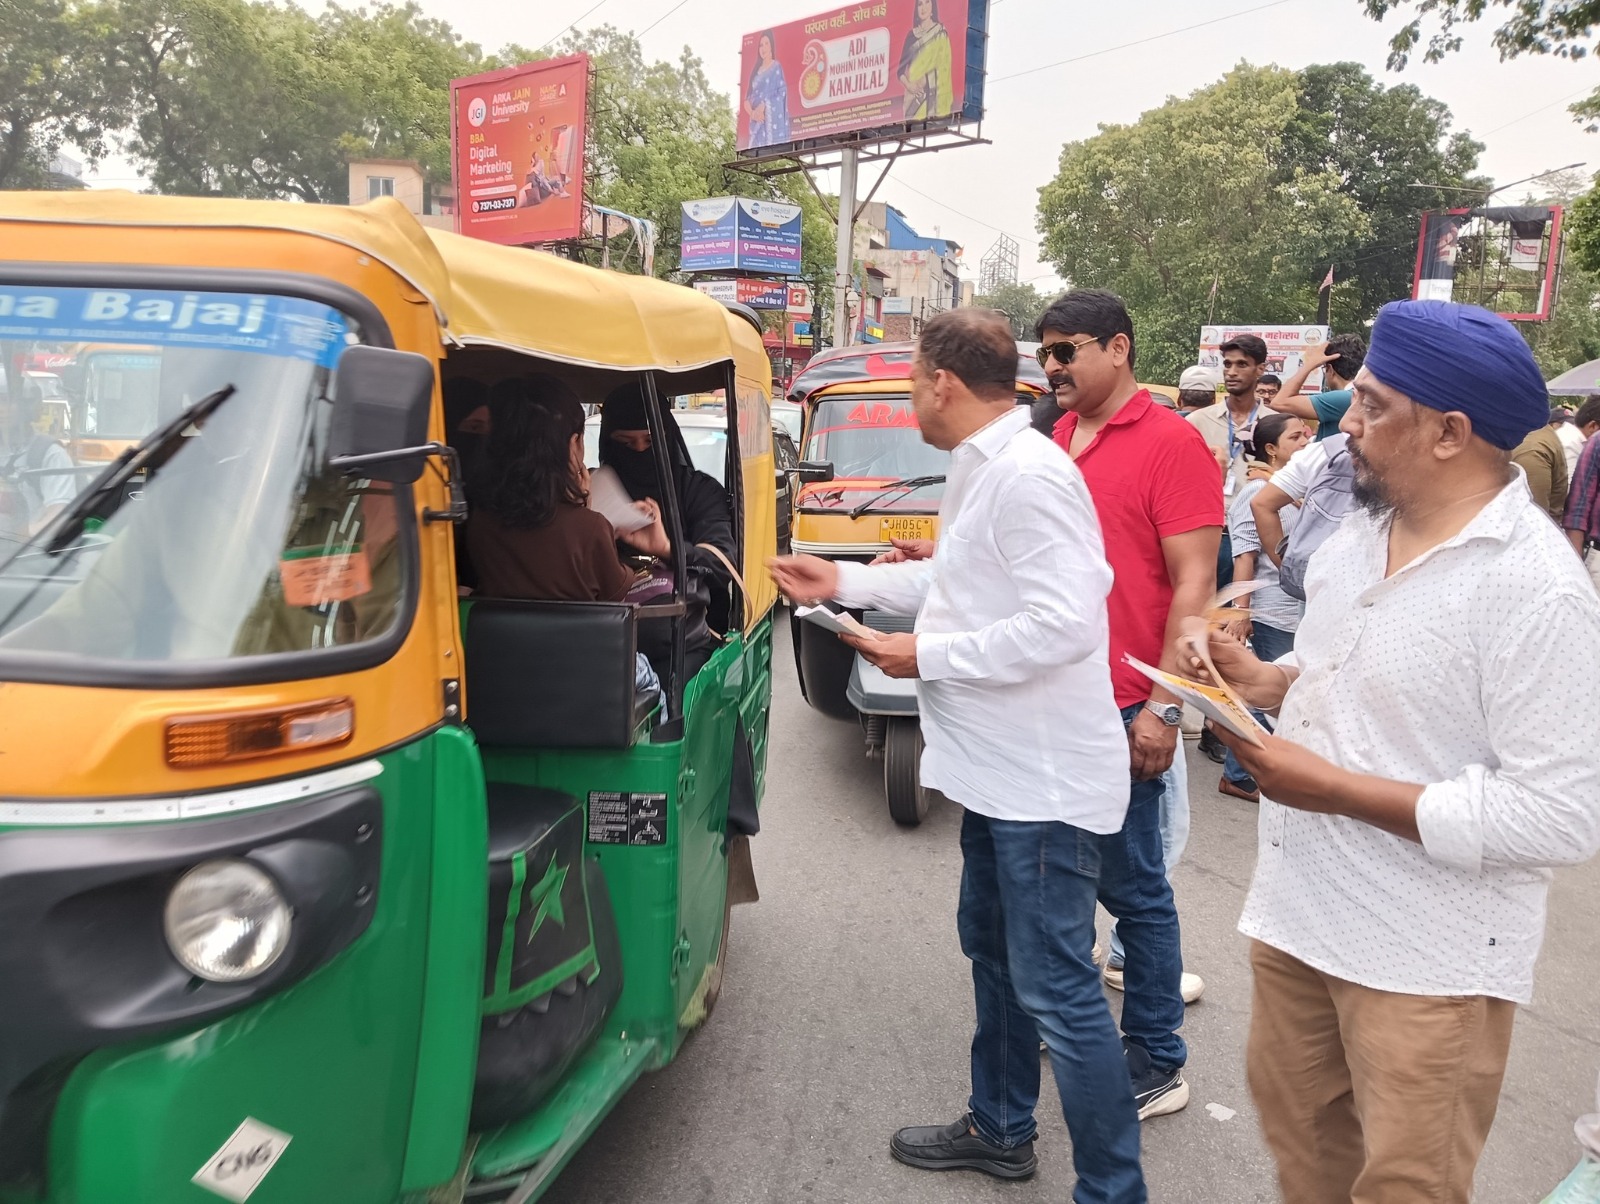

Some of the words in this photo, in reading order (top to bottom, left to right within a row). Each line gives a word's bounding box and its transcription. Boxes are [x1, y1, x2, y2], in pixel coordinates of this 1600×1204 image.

[805, 18, 828, 34] परंपरा
[853, 6, 871, 22] सोच
[872, 0, 886, 16] नई
[848, 37, 866, 57] ADI
[830, 58, 856, 76] MOHINI
[858, 53, 885, 69] MOHAN
[559, 84, 566, 96] A
[829, 70, 884, 97] KANJILAL
[492, 92, 511, 104] ARKA
[513, 87, 530, 100] JAIN
[472, 108, 483, 119] JGI
[492, 100, 530, 116] University
[470, 133, 484, 144] BBA
[470, 144, 497, 161] Digital
[470, 160, 512, 176] Marketing
[480, 198, 514, 211] 7371-03-7371
[745, 295, 756, 303] 112
[82, 291, 268, 334] Bajaj
[1265, 330, 1300, 340] महोत्सव
[890, 519, 922, 530] JH05C
[214, 1138, 274, 1180] CNG
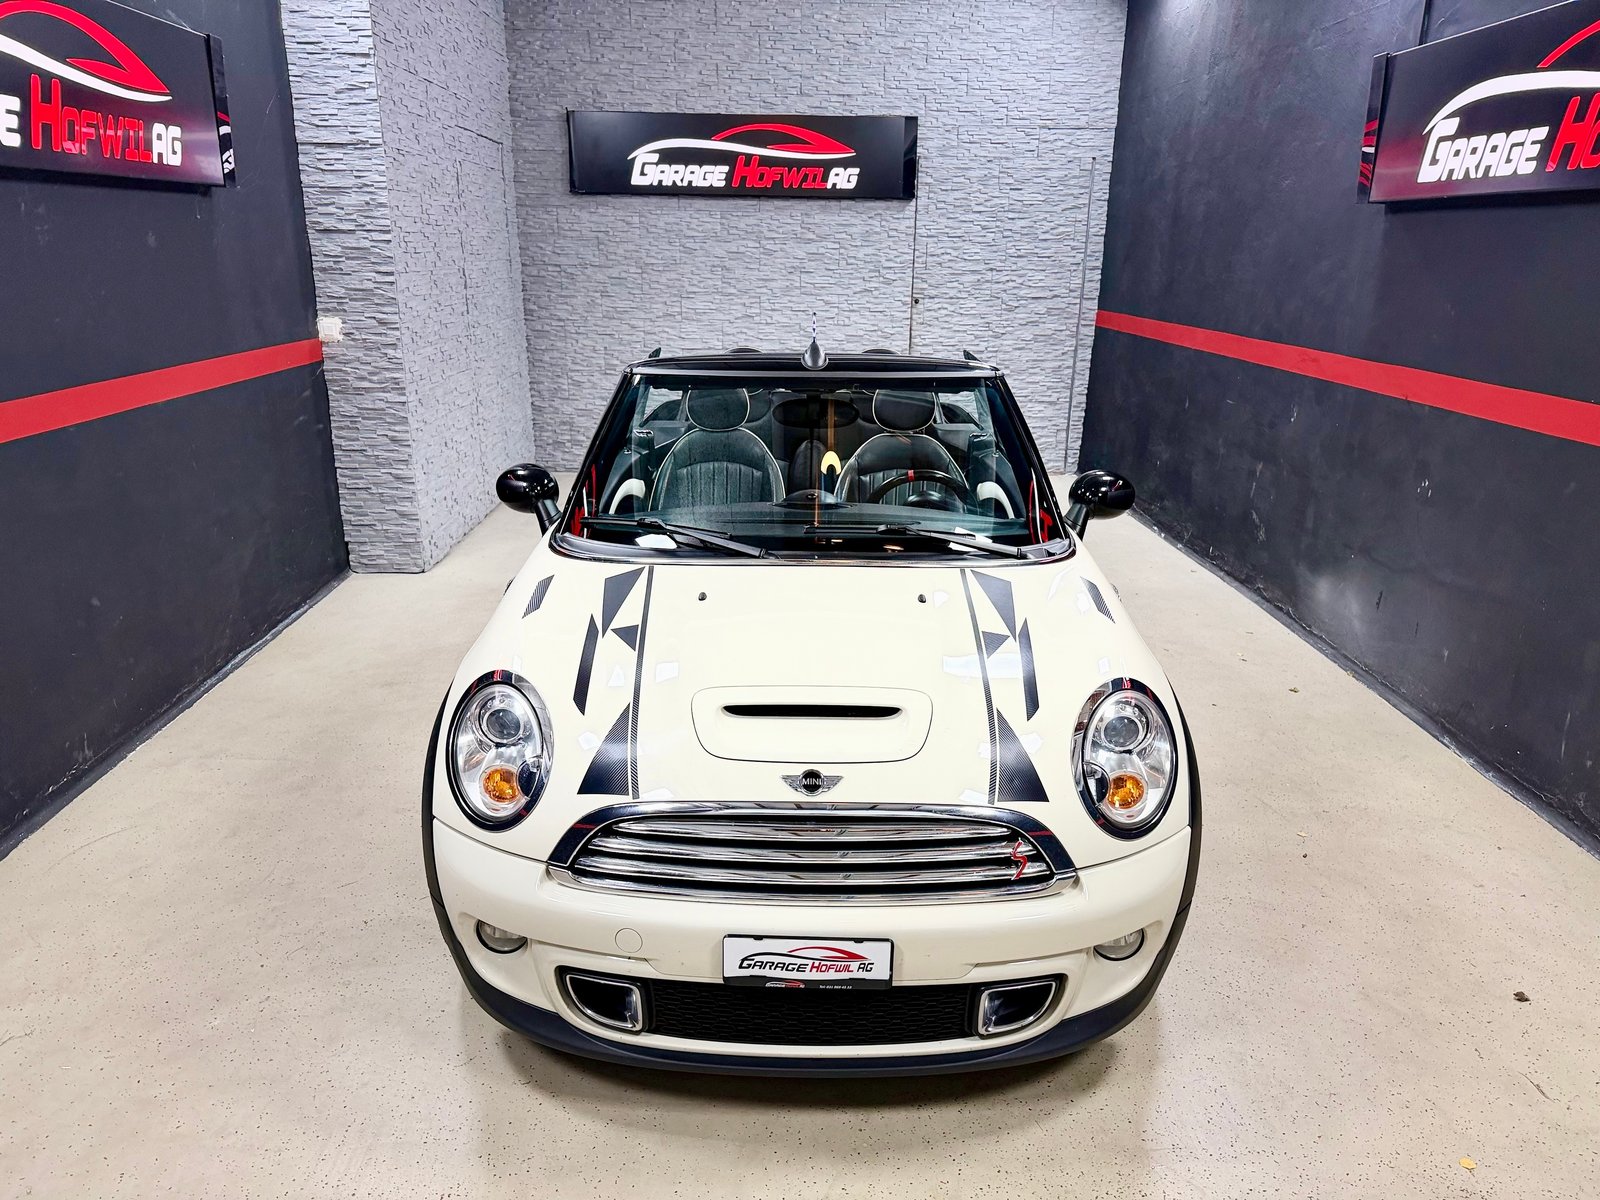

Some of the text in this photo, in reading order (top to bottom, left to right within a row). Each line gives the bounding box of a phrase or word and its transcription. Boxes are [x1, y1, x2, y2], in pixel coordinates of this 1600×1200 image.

[1416, 116, 1550, 183] GARAGE
[630, 153, 729, 188] GARAGE
[802, 777, 822, 785] MINI
[738, 958, 875, 973] GARAGE HOFWIL AG

§ **Task instructions**
Every entry above needs to be duplicated precisely, and none of the pictures should appear.

§ **Answer to the exercise**
Some of the words in this photo, in reading order (top to bottom, left to right within a row). Each line gives a word's bounding box and its transcription. Boxes are [x1, y1, x2, y2], in pixel coordinates of this 1600×1204 image.

[805, 18, 828, 34] परंपरा
[853, 6, 871, 22] सोच
[872, 0, 886, 16] नई
[848, 37, 866, 57] ADI
[830, 58, 856, 76] MOHINI
[858, 53, 885, 69] MOHAN
[559, 84, 566, 96] A
[829, 70, 884, 97] KANJILAL
[492, 92, 511, 104] ARKA
[513, 87, 530, 100] JAIN
[472, 108, 483, 119] JGI
[492, 100, 530, 116] University
[470, 133, 484, 144] BBA
[470, 144, 497, 161] Digital
[470, 160, 512, 176] Marketing
[480, 198, 514, 211] 7371-03-7371
[745, 295, 756, 303] 112
[82, 291, 268, 334] Bajaj
[1265, 330, 1300, 340] महोत्सव
[890, 519, 922, 530] JH05C
[214, 1138, 274, 1180] CNG

Some of the text in this photo, in reading order (top to bottom, left to right within a row). Each line gives the bounding box of a phrase or word and its transcription. Boxes are [x1, y1, x2, y2], in pixel coordinates of this 1600×1200 image.

[1416, 116, 1550, 183] GARAGE
[630, 153, 729, 188] GARAGE
[802, 777, 822, 785] MINI
[738, 958, 875, 973] GARAGE HOFWIL AG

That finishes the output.